Document A study on updating belief functions for parameter uncertainty representation in nuclear probabilistic risk assessment
ISIPTA 2011 - Proceedings of the 7th International Symposium on Imprecise Probability: Theories and Applications
Probabilistic Risk Assessments (PRA) are used to achieve a safe design and operation of Nuclear Power Plants. The impact of uncertainties which may affect PRA results must thus be taken into account in the decision making process. These uncertainties due to the lack of data have been recently seen as mainly epistemic ones and it has been recommended to characterize them by the belief functions of Dempster-Shafer Theory rather than a presumed single probability distribution.

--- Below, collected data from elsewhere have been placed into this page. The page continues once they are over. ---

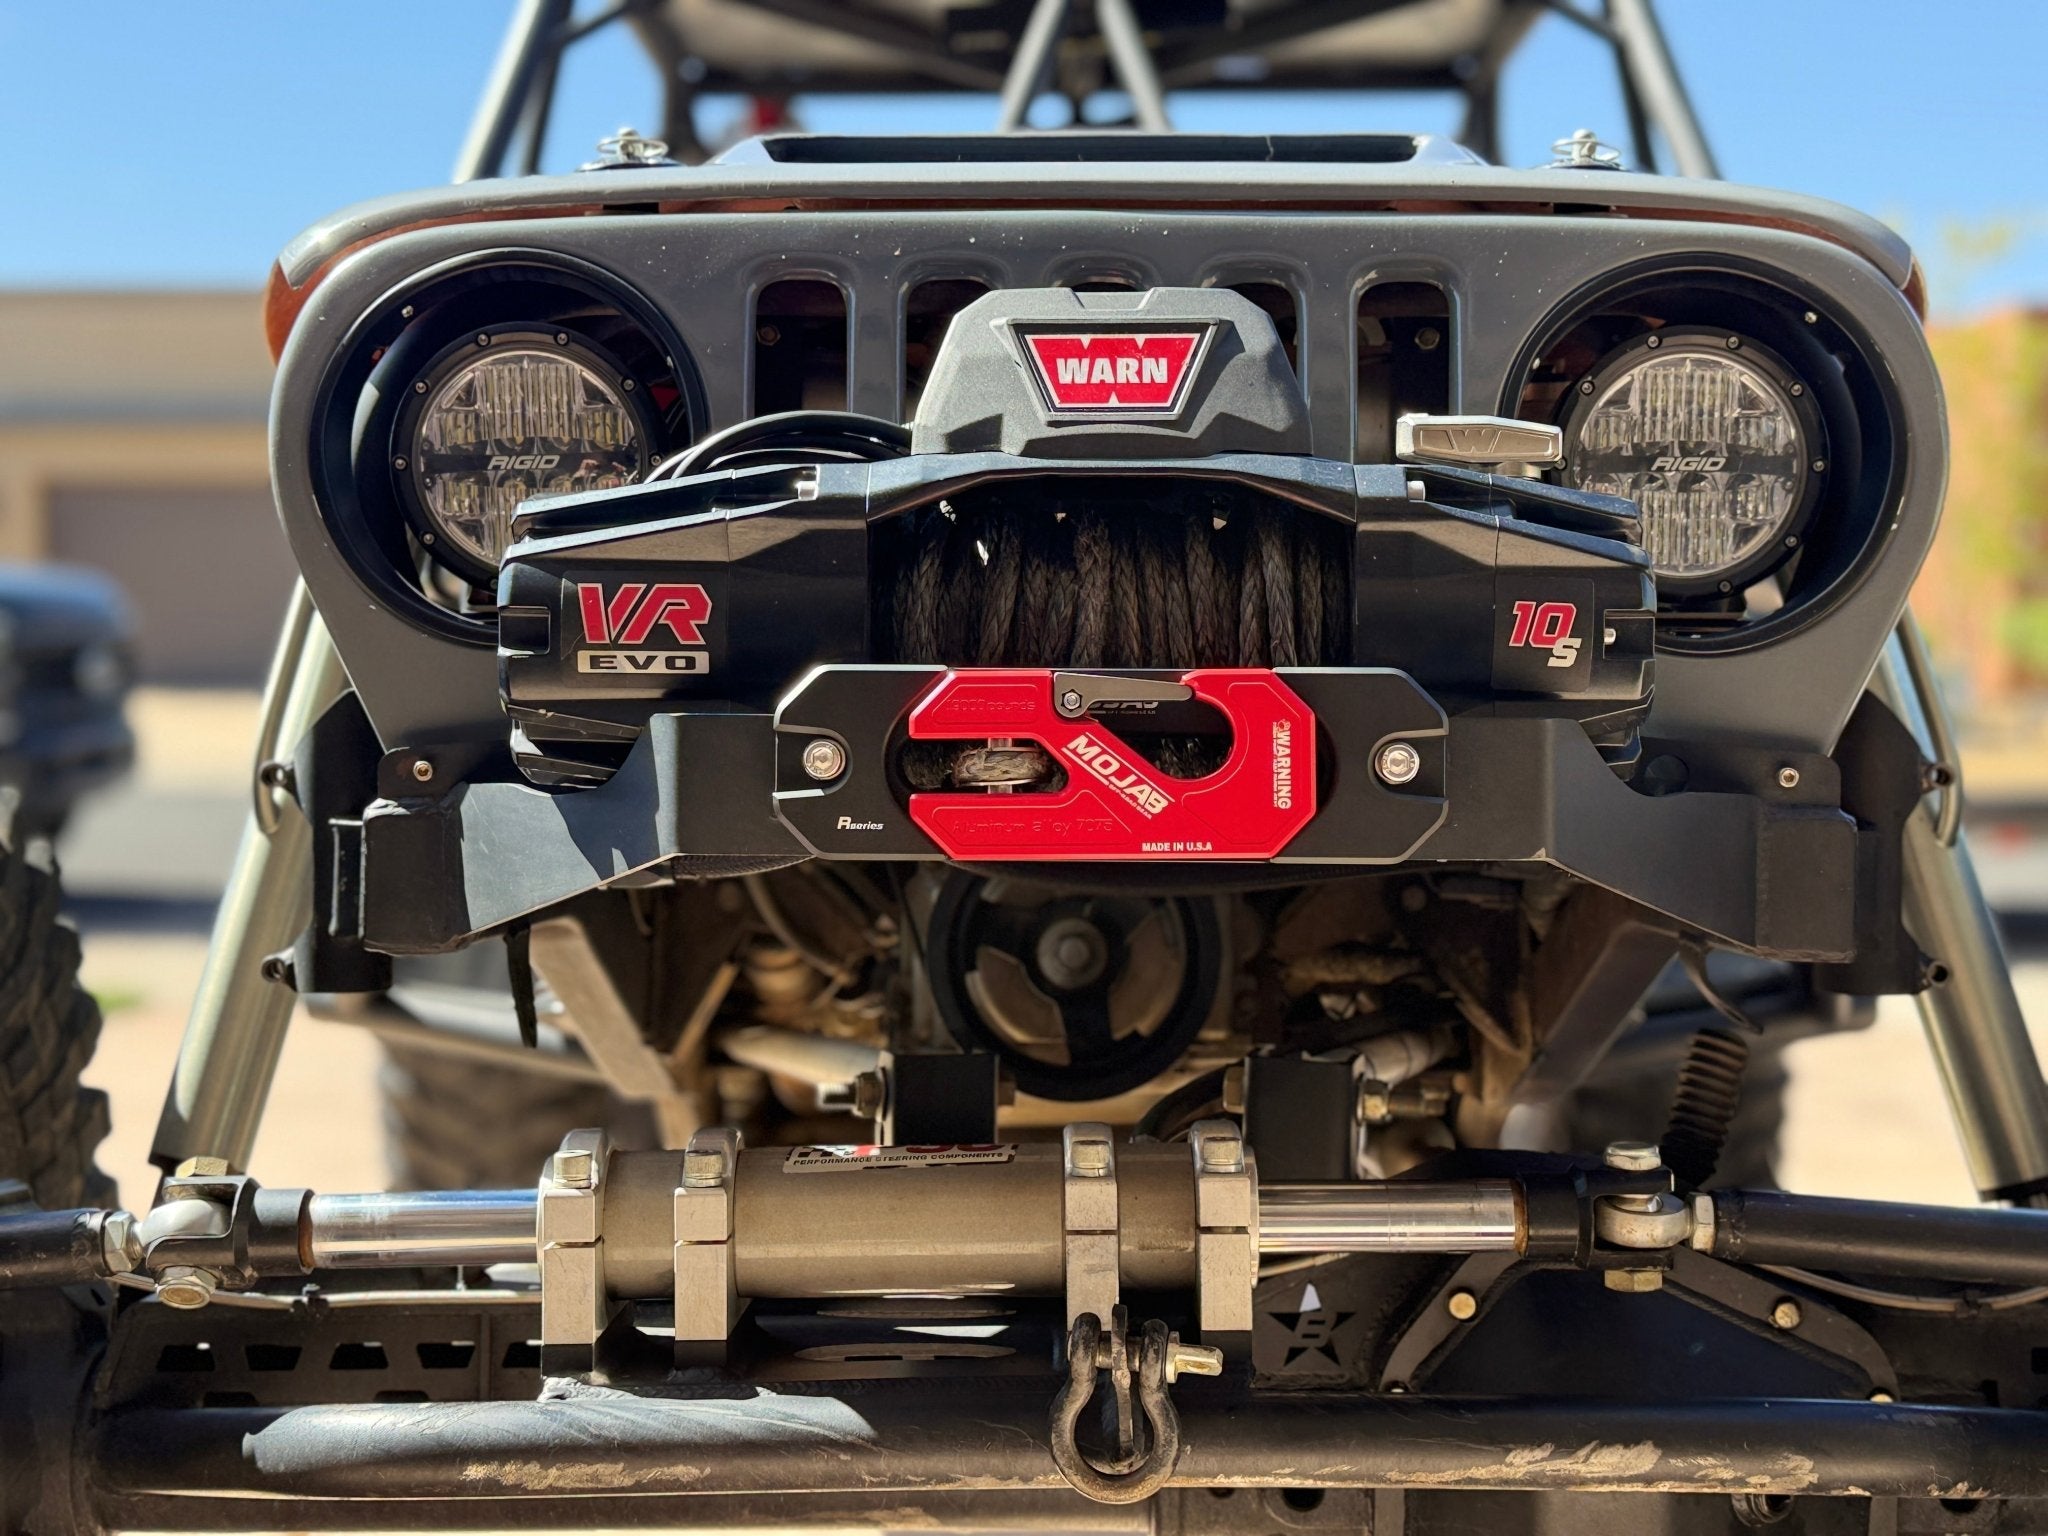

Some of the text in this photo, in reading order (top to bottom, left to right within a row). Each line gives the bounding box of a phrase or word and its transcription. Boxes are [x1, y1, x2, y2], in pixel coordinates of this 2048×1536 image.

[1056, 357, 1168, 384] WARN
[487, 455, 560, 470] RIGID
[1651, 456, 1726, 471] RIGID
[577, 583, 712, 645] VR
[589, 655, 698, 670] EVO
[1067, 735, 1168, 814] MOJAB
[1277, 730, 1292, 809] WARNING
[1142, 842, 1170, 852] MADE
[1173, 842, 1184, 852] IN
[793, 1156, 872, 1166] PERFORMANCE
[930, 1152, 1003, 1160] COMPONENTS
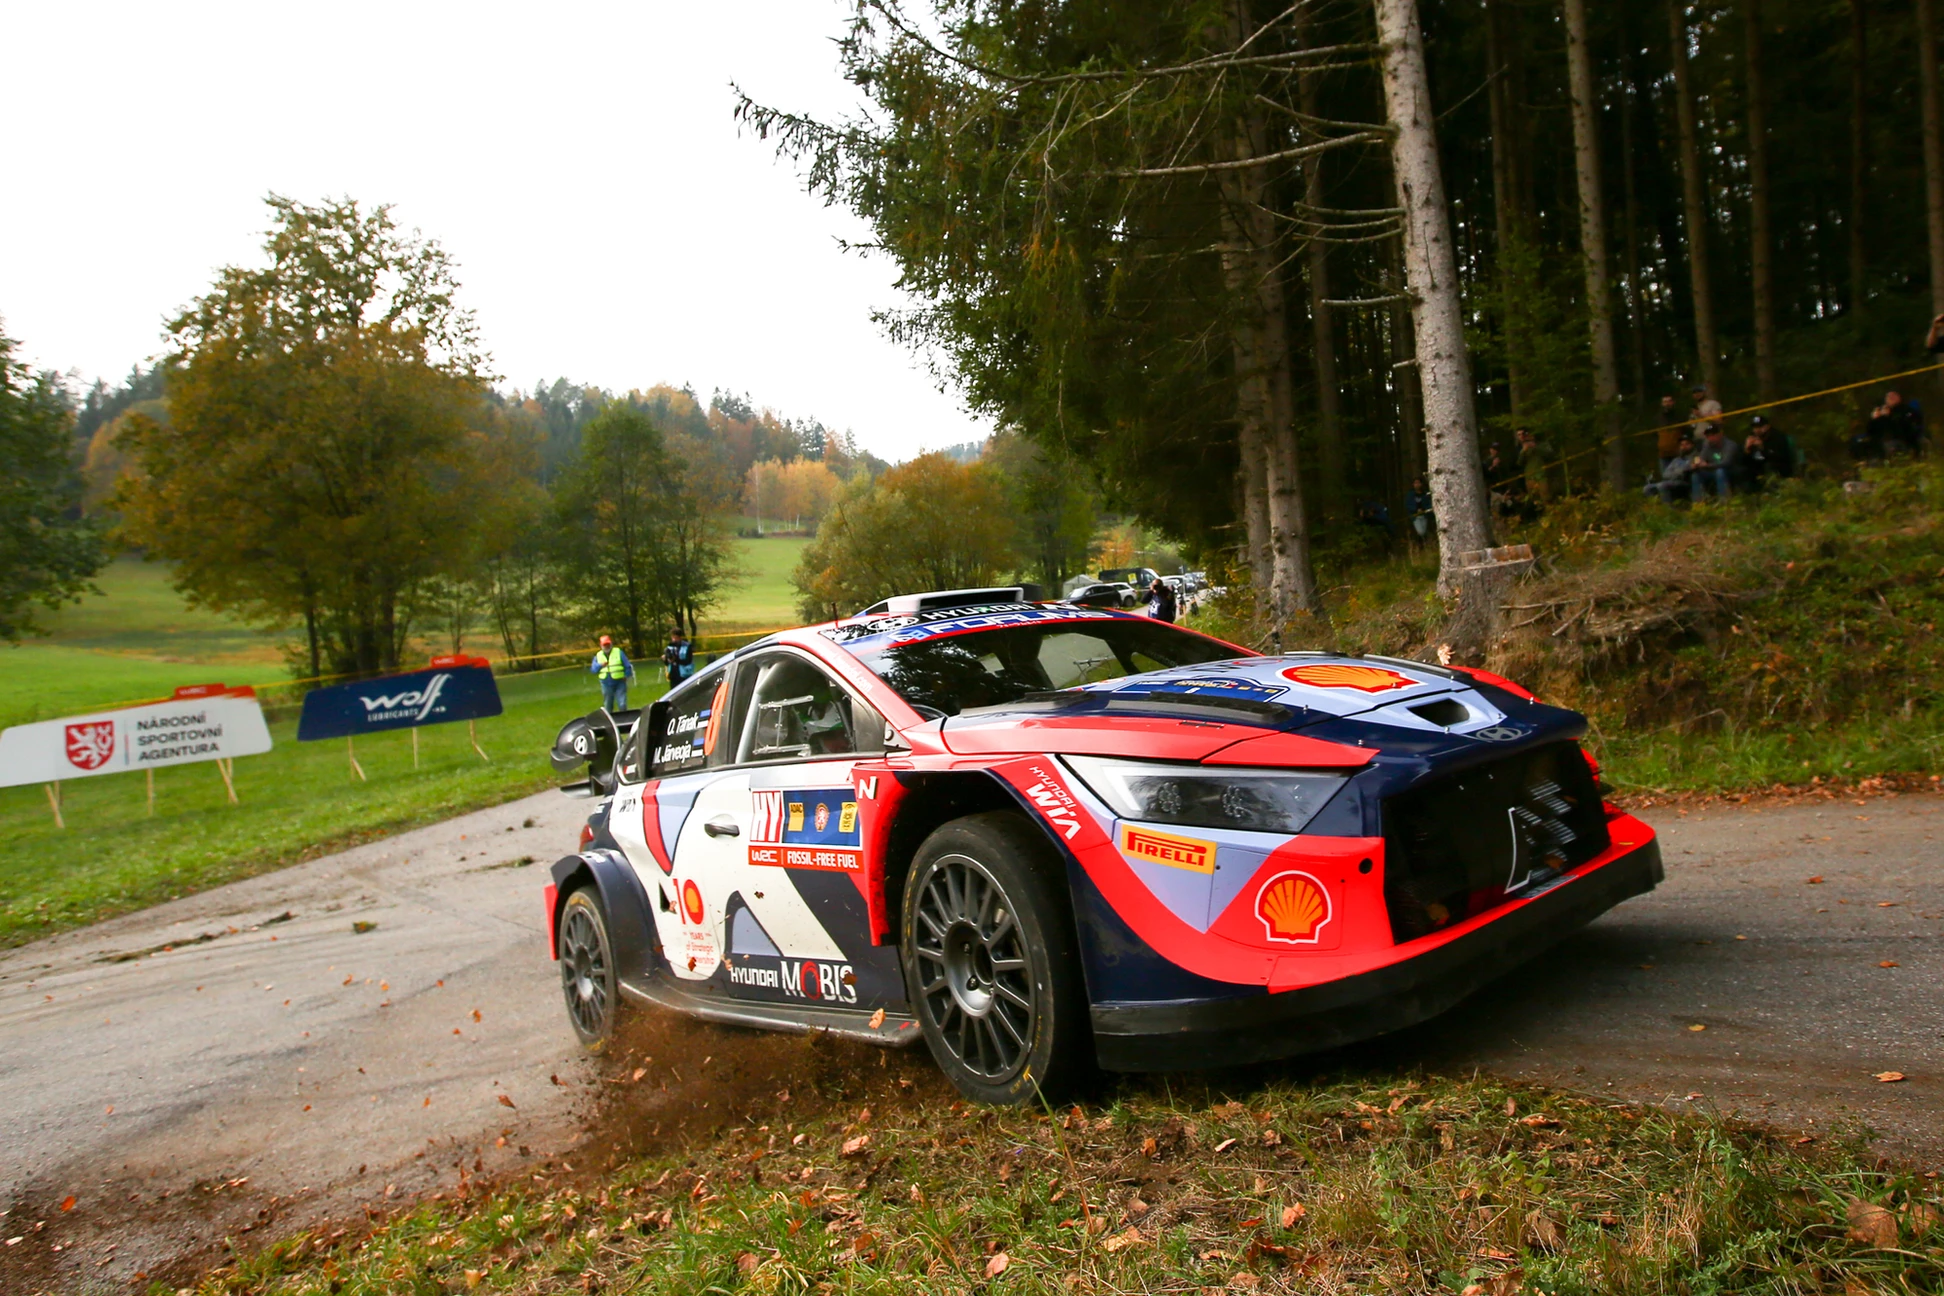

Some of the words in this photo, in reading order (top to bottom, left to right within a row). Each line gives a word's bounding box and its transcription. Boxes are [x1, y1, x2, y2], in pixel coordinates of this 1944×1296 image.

[137, 711, 206, 730] NÁRODNÍ
[667, 717, 676, 736] O.
[703, 681, 729, 756] 8
[137, 724, 223, 746] SPORTOVNÍ
[138, 742, 219, 761] AGENTURA
[858, 776, 877, 800] N
[1029, 766, 1076, 809] HYUNDAI
[1026, 783, 1081, 840] WIA
[751, 850, 778, 863] WRC
[787, 851, 836, 867] FOSSIL-FREE
[837, 854, 859, 868] FUEL
[1128, 831, 1207, 866] PIRELLI
[730, 967, 779, 988] HYUNDAI
[781, 961, 858, 1003] MOBIS

The current construction of these functions is based on the data provided by PRA data handbooks using traditional statistical tools like Maximum Likelihood Estimation (MLE). However, this approach is only appropriate when data coming from the operating feedback observations are sufficiently large as required in the MLE approach. Furthermore, when wishing to incorporate other sources of information, such as expert's opinions, the pooling data of MLE has limits to account for these kinds of information. Therefore, in order to overcome this problem, two alternative perspectives based on the Dempster's rule of combination and the Generalized Bayesian Theorem for constructing and updating the belief functions in a more effective way will be presented in this paper. These two approaches will be studied for the use in the context of PRA. The comparison of these two approaches with the current method is carried out through a practical example. Some conclusions about the application of these approaches will be drawn.